As an example, Franz said Haitian last year sold 20 presses to Singapore-based contract manufacturing giant Flextronics International Ltd. for its factory in Zhuhai.
Haitian said CPMIA statistics show that sales of domestically made machines grew in China last year, rising more than 20 percent to 20.6 billion yuan (US$3.02 billion). Sales of imported plastics machinery, o n the other hand, fell more than 50 percent, from 17.95 billion yuan (US$2.63 billion) in 2008 to 8.61 billion yuan (US$1.26 billion) last year.
Excluding imports, Haitian was able to boost its market share modestly among Chinese-made presses sold in China, from 33 percent in 2008 to 35 percent last year, Franz said.
He said Haitian believes its market share in China will grow when the company more fully unveils its line of budget machines, named Tianjin, targeted at developing markets like China.
Those markets need simpler machines capable of making parts for less expensive versions of consumer goods such as refrigerators and consumer electronics targeted at developing economies, Franz said.
The company said its growth reflected a strategy of developing new products, including its Mars series of energy-saving machines, and a new energy-saving model, the Pallas, that it plans to introduce at the Chinaplas show in Shanghai next month.

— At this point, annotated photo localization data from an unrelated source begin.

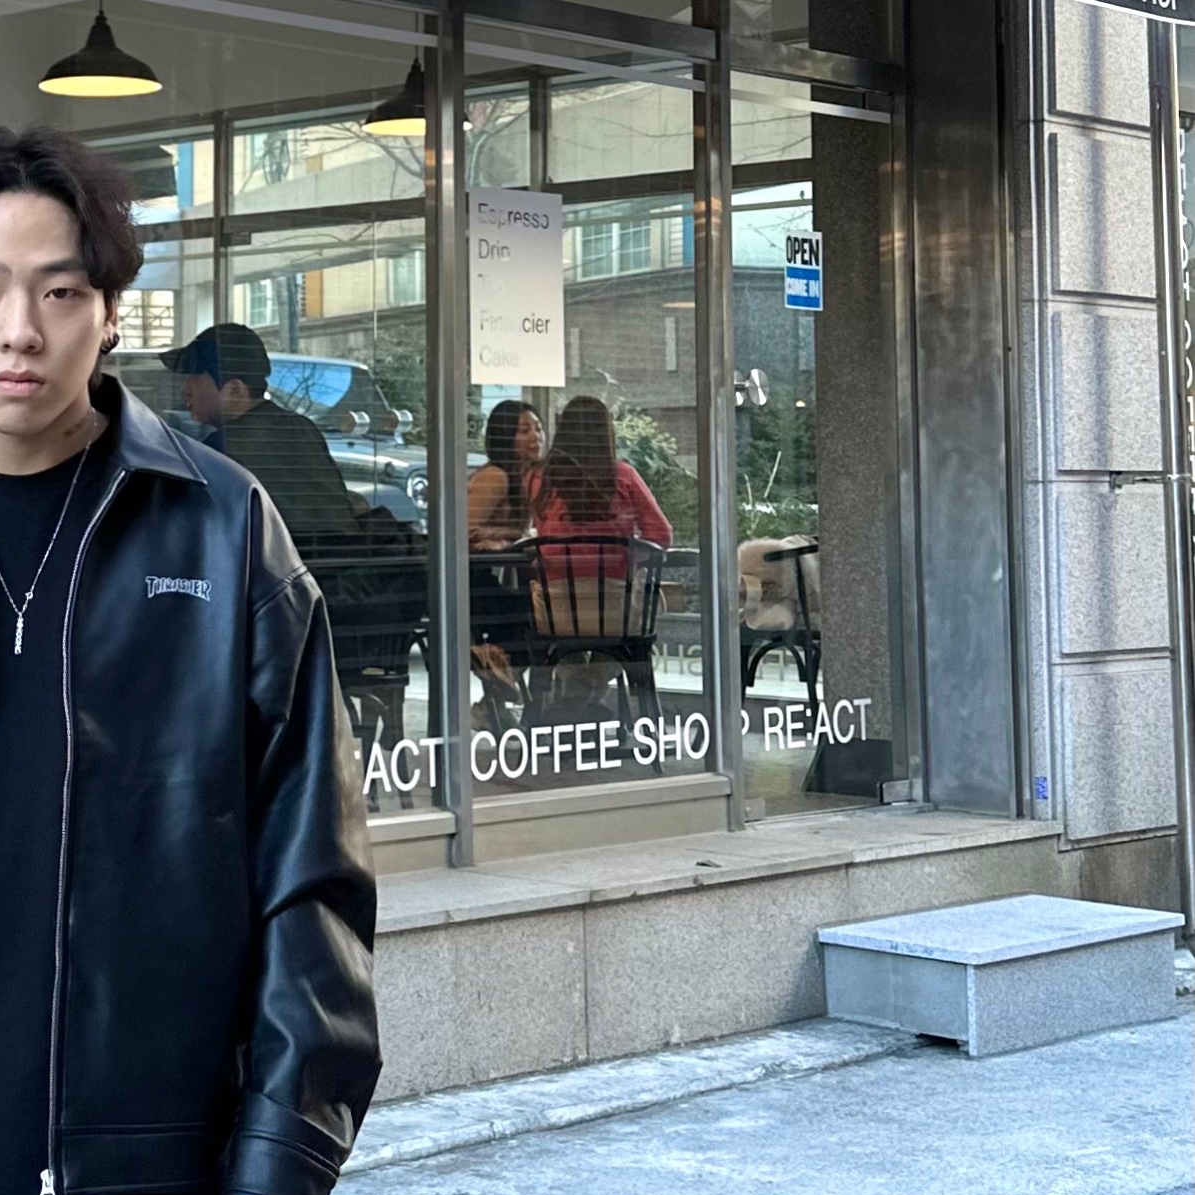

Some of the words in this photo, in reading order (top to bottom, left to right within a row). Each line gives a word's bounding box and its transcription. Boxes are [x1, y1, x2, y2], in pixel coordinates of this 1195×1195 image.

[478, 202, 550, 229] Espresso
[786, 235, 820, 267] OPEN
[480, 310, 550, 334] Fincier
[479, 345, 520, 368] Cake
[470, 721, 622, 782] COFFEE
[763, 698, 872, 752] RE:ACT

He said Haitian continues its international expansion, with plans to establish a factory near Ho Chi Minh City, Vietnam, by the end of this year. The operation will include about a half-dozen engineers for adapting machines to local markets and will look for opportunities to outsource components locally, he said.
Franz said the company wants to establish production in more markets, in part to generate local employment in the face of what he said was the possibility of rising protectionism.
Haitian opened a subsidiary in Germany last year to make its all-electric Mercury line.
The company said export sales, which account for about 30 percent of its business, were still 20 percent below pre-crisis levels in the second half of last year, but it expects export sales globally to recover fully in 2010, even if not in all markets.
There are some export markets that remain difficult, according to Haitian.
The Indian market is tough because of that government’s decision to impose anti-dumping duties on Chinese machines last year, Franz said.
The company disagrees with India’s assessment that it “dumps” molding machines at less than cost because Haitian is publicly traded on the Hong Kong Stock Exchange and its financials are open, Franz said.
While Haitian continues to sell some machines in India, the firm said the anti-dumping decision has it concerned about other decisions the Indian government might make if the company were to invest there.
“I would strongly at the moment oppose any investment in India,” Franz said. “It is a huge market for the future, but also for China a difficult cultural issue.”
The company is not clear if it would be able to export to India from its future Vietnam factory without duties, he said.